Know Your Plants: A Guide to Seed Saving with Dan Jason
- SSI Farmland Trust
- Jul 14
- 2 min read
Updated: Aug 12
Learn how to confidently identify, grow, and save seeds from open-pollinated plants to maintain biodiversity, ensure food security, and preserve heirloom varieties.
This workshop is being offered on two separate dates, at Dan Jason's beautiful seed farm in the Toynbee Valley on Salt Spring Island.

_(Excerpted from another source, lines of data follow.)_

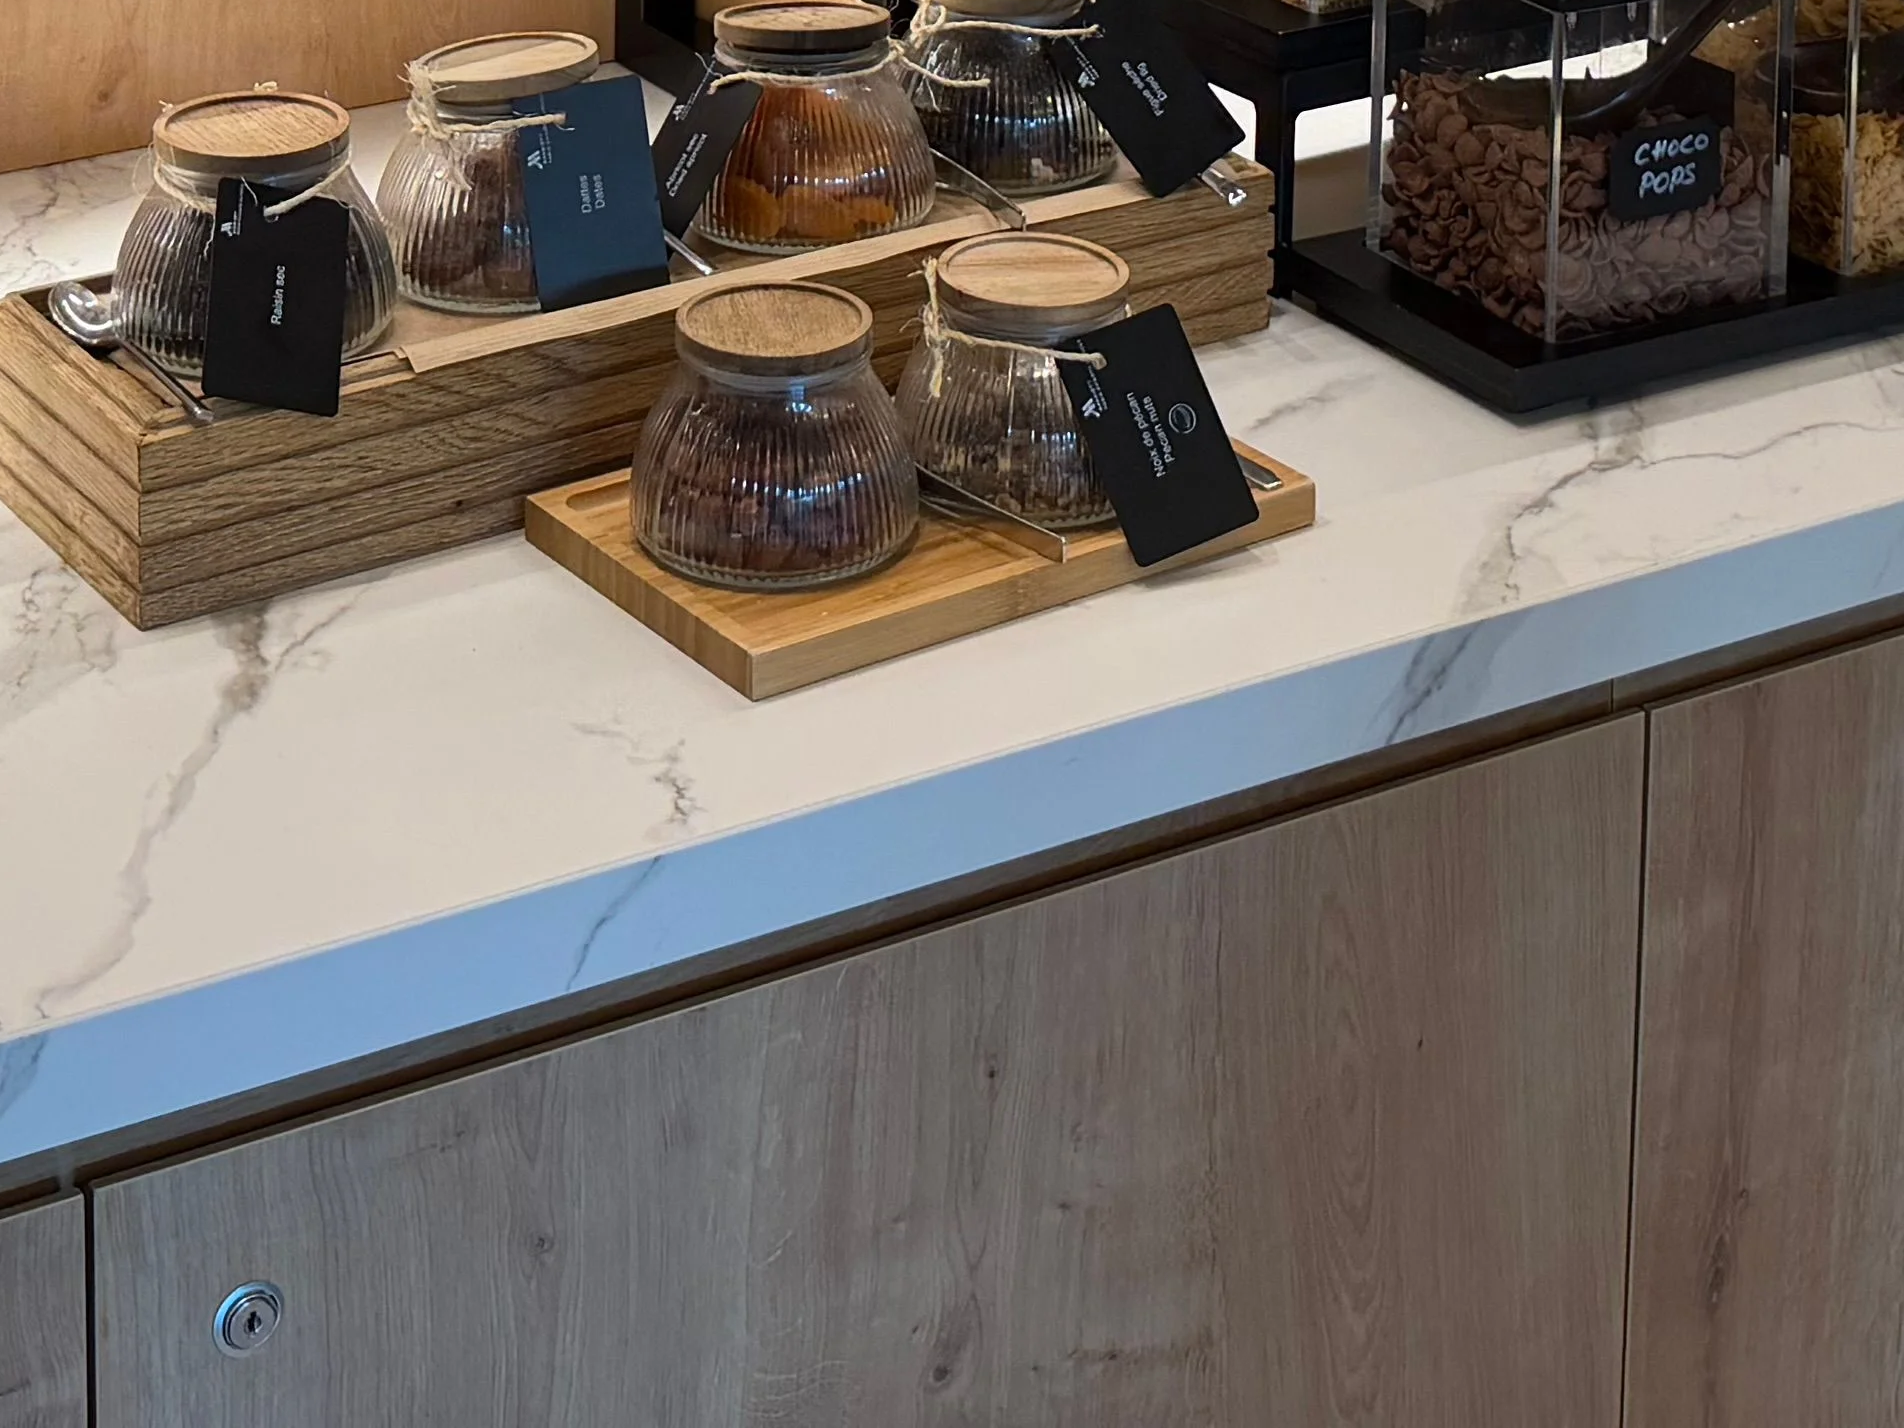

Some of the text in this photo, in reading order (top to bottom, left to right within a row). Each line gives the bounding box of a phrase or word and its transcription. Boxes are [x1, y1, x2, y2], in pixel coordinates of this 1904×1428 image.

[1142, 89, 1165, 117] Figue
[1146, 75, 1168, 101] Dried
[1634, 133, 1710, 167] CHOCO
[579, 175, 593, 214] Dattes
[593, 174, 606, 209] Dates
[668, 168, 688, 197] Dried
[1639, 162, 1696, 199] POPS
[270, 265, 286, 325] Raisin sec
[1142, 431, 1154, 447] de
[1143, 395, 1176, 463] Pecan nuts
[1149, 448, 1167, 478] Noix

Accommodation and food not provided.

DATE
Saturday September 13th -
Time: 10-1:30 pm
Location: Salt Spring Seed Sanctuary, 250 Toynbee Rd, Salt Spring Island, BC V8K 2H8
Cost - $50/100/150 sliding scale
DATE
Sunday October 5,
Time: 10-1:30 pm
Location: 250 Toynbee Rd, Salt Spring Island, BC V8K 2H8
Cost - $50/100/150 sliding scale
Know Your Plants: A Guide to Seed Saving is a practical course designed for gardeners, homesteaders, and community growers who want to preserve open-pollinated and heirloom plant varieties. This course covers the essential knowledge needed to save seeds successfully, from understanding plant biology to mastering harvesting and storage techniques.

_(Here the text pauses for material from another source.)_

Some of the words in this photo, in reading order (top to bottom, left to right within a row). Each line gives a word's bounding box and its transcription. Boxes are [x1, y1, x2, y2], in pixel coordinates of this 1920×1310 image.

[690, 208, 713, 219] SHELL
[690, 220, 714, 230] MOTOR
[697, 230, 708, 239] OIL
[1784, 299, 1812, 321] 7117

The course explores the difference between hybrid and open-pollinated plants. Students will learn why seeds from hybrid plants often don’t “grow true” and how open-pollinated varieties maintain their distinct traits from generation to generation. We’ll also discuss the importance of knowing a plant’s life cycle—whether it is an annual, biennial, or perennial—and how that affects the timing of seed collection.
Pollination is another key topic. Students will learn how different plants pollinate—whether by wind, insects, or self-pollination—and how to use spacing, physical barriers, or hand-pollination to ensure seeds remain true-to-type. Special focus will be given to crops like corn and squash, which require careful isolation or manual pollination.
The course also addresses the difference between market maturity and seed maturity. Participants will learn how to identify seed maturity in a range of common crops and how to properly harvest and process seeds, including both dry- and wet-fruited plants.
Finally, students will learn best practices for storing seeds, including ideal temperature and humidity conditions, labeling techniques, and expected seed longevity for different plant types.
Topics will include:
Seed Storage Best Practices
Harvesting Techniques
Pollination and Cross-Pollination
Plant Life Cycles
We encourage women, youth, Indigenous, and other under- represented communities to apply. If the sliding scale $50-$150 cost is a barrier, we encourage you to reach out and learn what scholarship options are available.
Dan Jason lives on Salt Spring Island, BC, where he founded the mail-order seed company Salt Spring Seeds. He has written many popular books about growing and preparing food sustainably, including The Power of Pulses and Some Useful Wild Plants.